The Stone Twins head communication department at Design Academy Eindhoven
The Stone Twins (Declan and Garech Stone) have been appointed as the head of the department of 'Man and Communication' at the Design Academy Eindhoven. The duo fill the role that was previously held by Anton Beeke.
According to Garech Stone, "The academy must cement its position as a leading centre for producing highly conceptual, yet eminently practical, ideas. The challenge for the students is also in creating a dialogue with the real world."
Declan Stone says, "As the media-landscape is in a state of flux, trades like advertising and graphic-design are facing new challenges. The academy is perfectly equipped for this." They add, "We also want to make the word 'WOW!' synonymous with the Design Academy Eindhoven."
We catch up with the design duo to talk about their new roles.
"As the media-landscape is in a state of flux, trades like advertising and graphic-design are facing new challenges." What do you think are some of these new challenges?
Companies and their brands need to have more streamlined and integrated communication strategies. A design studio working solely on a corporate identity and an advertising agency commissioned purely on advertising is 'old-school'. The barriers between these creative fields has to break down - resulting in consistent brand messaging and a more holistic experience for consumers. A good example of this is 'Apple' - everything in the journey from the product to the packaging, retail to the communication is seamless...
At the same time, traditional advertising mediums like print and TV are haemorrhaging... so the new challenges for advertising are in areas that designers are more fluent with, e.g. retail environments, events, web, mobile phones and product-design. Nowadays, no-one is waiting for a new 'epic' Levi's or Nike spot/commercial...especially as teens are more interested in creating their own content from their bedrooms and uploading it to a potential audience of millions.
What are the strengths of the Design Academy course?
Students are encouraged to think freely - and without the constraint of a pre-determined media or format. Our department is titled 'Man and Communication' - and not 'graphic-design'. So, if a student wishes to communicate an idea - why settle for a poster?
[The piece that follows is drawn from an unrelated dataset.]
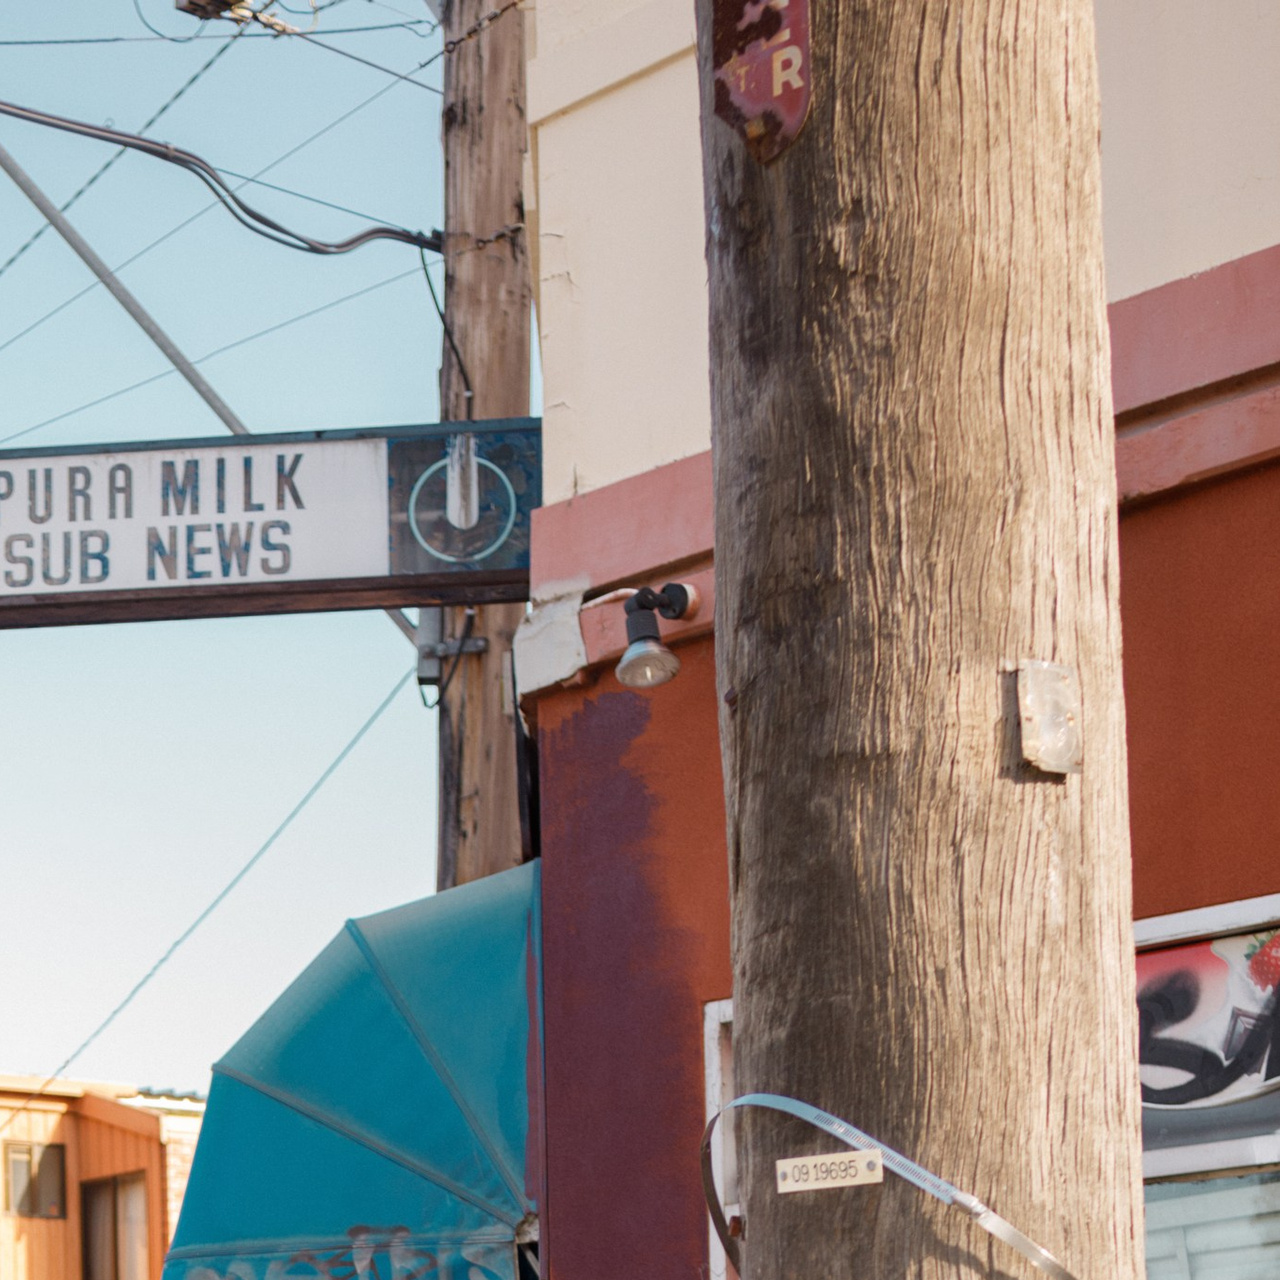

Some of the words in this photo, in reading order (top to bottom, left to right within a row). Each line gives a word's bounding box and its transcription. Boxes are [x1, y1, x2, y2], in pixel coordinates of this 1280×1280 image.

The media could be a chair, a film or a board-game.
What are you really looking forward to doing there when you start your new positions?
Both of us are looking forward to the inspiration and the openness of the students. As the role of the head of the department is not a teaching role, we are responsible for outlining a strategy and inspiring the students (and teachers) ... basically pulling the strings of the department. Cheerleaders with suits and sneakers.
When was the studio established? You're originally from Ireland, is that correct?
1999 - so we are 10 years together as a commercial entity. Originally - yes, we're from Dublin. Breast-fed Guinness as babies.
Describe your work. What are you known best for?
Our book 'Logo R.I.P. - A Commemoration of Dead Logotypes' which we both wrote + designed - was perhaps the first piece of work that gained us recognition, both from the design and the mainstream press. According to a review in EYE magazine, "Logo R.I.P. works both as a critique of corporate culture and design's complicity in it and a celebration of some of the past century's most resonant graphic symbols... It may be clever enough to appeal to anti-corporate activist and corporate climber alike."
Last year, we won a Dutch Design Award for the 'SoundCircus' Corporate Identity: a project that perfectly illustrates what we do best, which is devising witty and engaging creative solutions. Some firms tag this approach 'dynamic' corporate identity: where a brand's form is paradoxically different - yet the same - in every application. To us, successful visual identities act like people - they can have different moods and clothes but must ultimately possess the same personality. It's about a rejection of blandness, formality and dependence on an abstraction like a 'grid'.
Finally, what advice do you have for communication design students?
Become like magpies - grab, borrow and, even, steal all forms of inspiration from exhibitions, books, tacky-snackbars and family. The best ideas come from engaging in the real-world.